What do you actually need?
a PID service, that offers an API for creating and managing PIDs
EUDAT has adopted Handle-based persistent identifiers
So EUDAT requires integration of Handle in your infrastructure.
EUDAT offers a a service dedicated to provide, resolve and mint persistent identifiers (PID) supported by the ePIC consortium.
In order to understand PIDs and the PID service let’s see and discuss a real example.
The simplest data life cycle.
You have a research output and you want to share it with other researchers.

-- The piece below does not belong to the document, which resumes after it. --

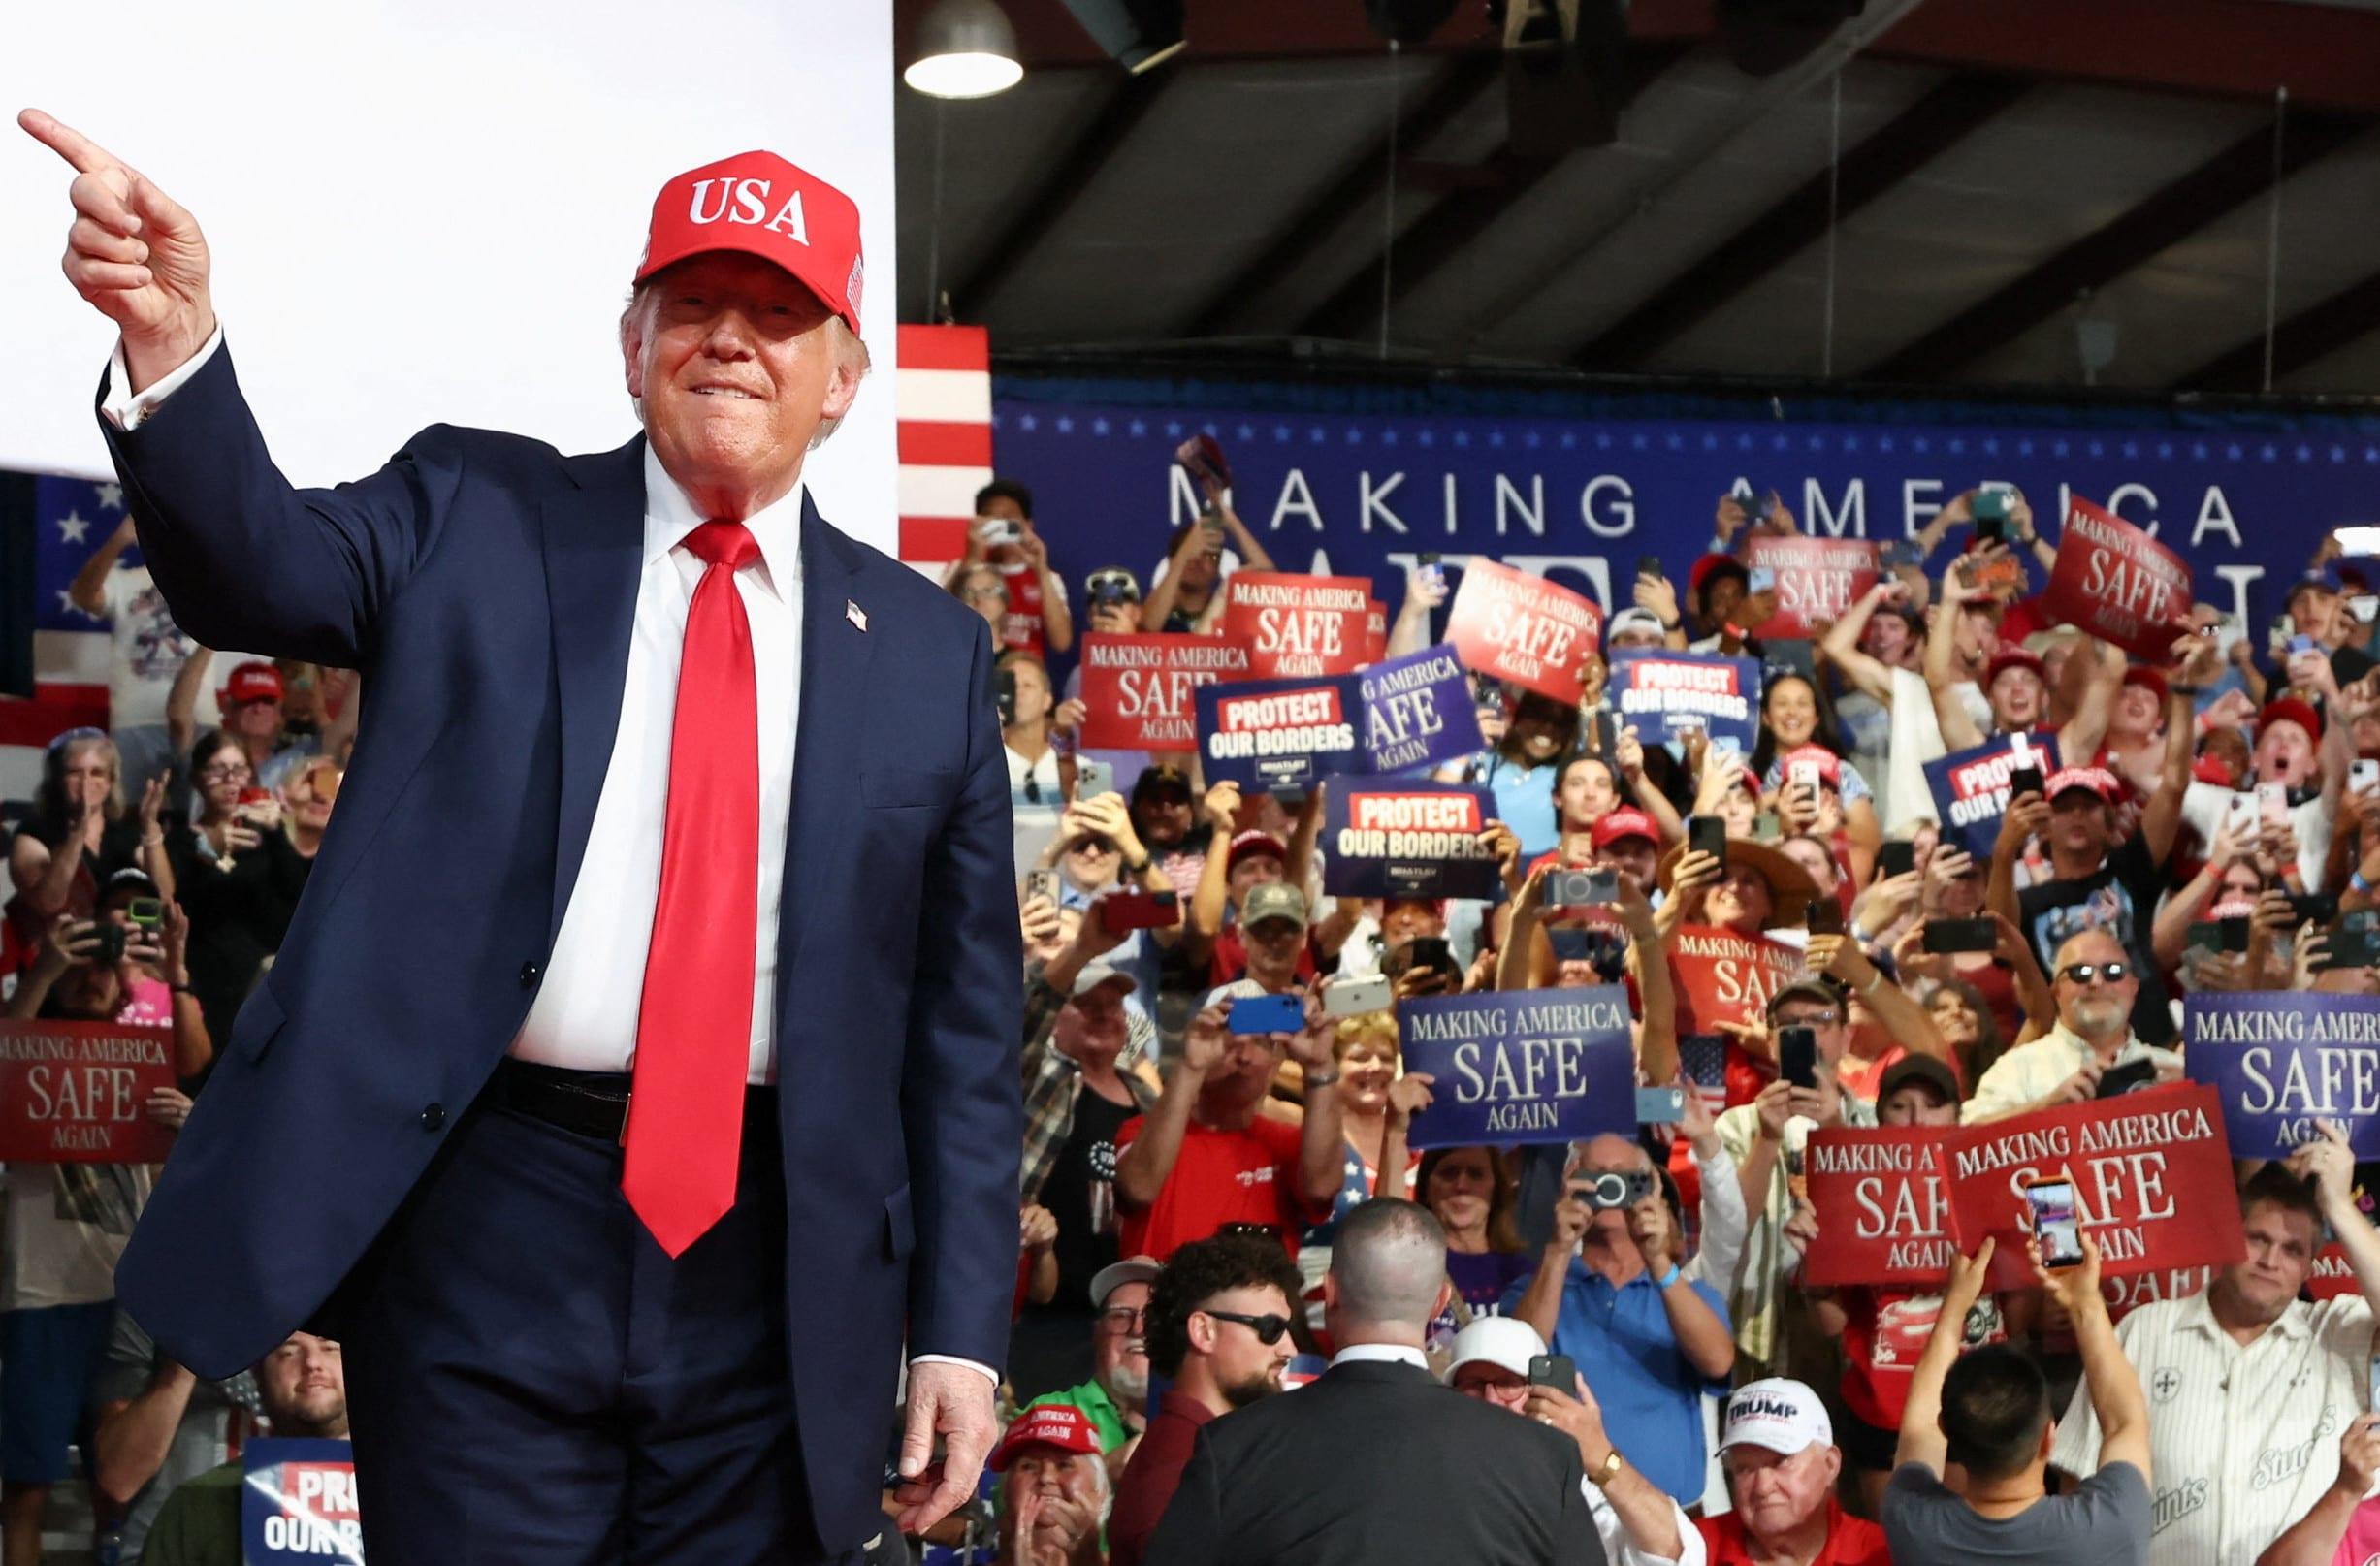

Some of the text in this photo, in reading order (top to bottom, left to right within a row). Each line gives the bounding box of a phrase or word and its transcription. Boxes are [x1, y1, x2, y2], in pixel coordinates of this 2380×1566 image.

The traditional way to store your data is to upload to a site, a repository, a directory. In order to access it you bookmark or share a URL. A) Published online: http://www.test.com/test.html. B) Other users may cite, access, re-use this url
As long as nothing changes about the way the data is accessed, this works fine. But one day you decide to move the resource to another location c) Relocate the resource at http://www.example.com/
Other users are not informed about this relocation and when they are trying to access the resource - at the first location – they always get a Page Not Found response.
So this arrangement has proven to be fragile.
Lets see what will happen when you decide to connect to a PID service.
As we can see in this slide, data and PIDs are strictly connected.
As we have already discussed, managing data online includes managing the persistent identifier for the data so that it continues to provide information about whatever it identifies—no matter where it is stored online
Data has its own lifecycle. PIDs are subject to the same life cycle.
When you decide to publish something online at the same time you must register for a PID
When you decide to move the data to another location, at the same time you must inform the service and update the PID
After a PID is created, it is always resolvable by the Handle resolution service.
The whole training module provides hands-on material for iRODS4, EUDAT B2SAFE, B2HANDLE (based on handle version 8) and B2STAGE.
It provides install files which indicate how the training machines are set up and which will give the users an idea how to install the software stack themselves.
The training material itself is targeted at scientist end-users and site admins. The order of the markdown files proposes the curriculum of the training. Each component takes about 1 hour.
EUDAT PID hands-on
The PID training employing cURL requests is part of that training module.
This hands-on tutorial shows you how to work with the handle system version 8 as a data user. It gives insight into how to create and manage PIDs for different purposes and use cases. In the following we will use the HTTP restful API with cURL requests.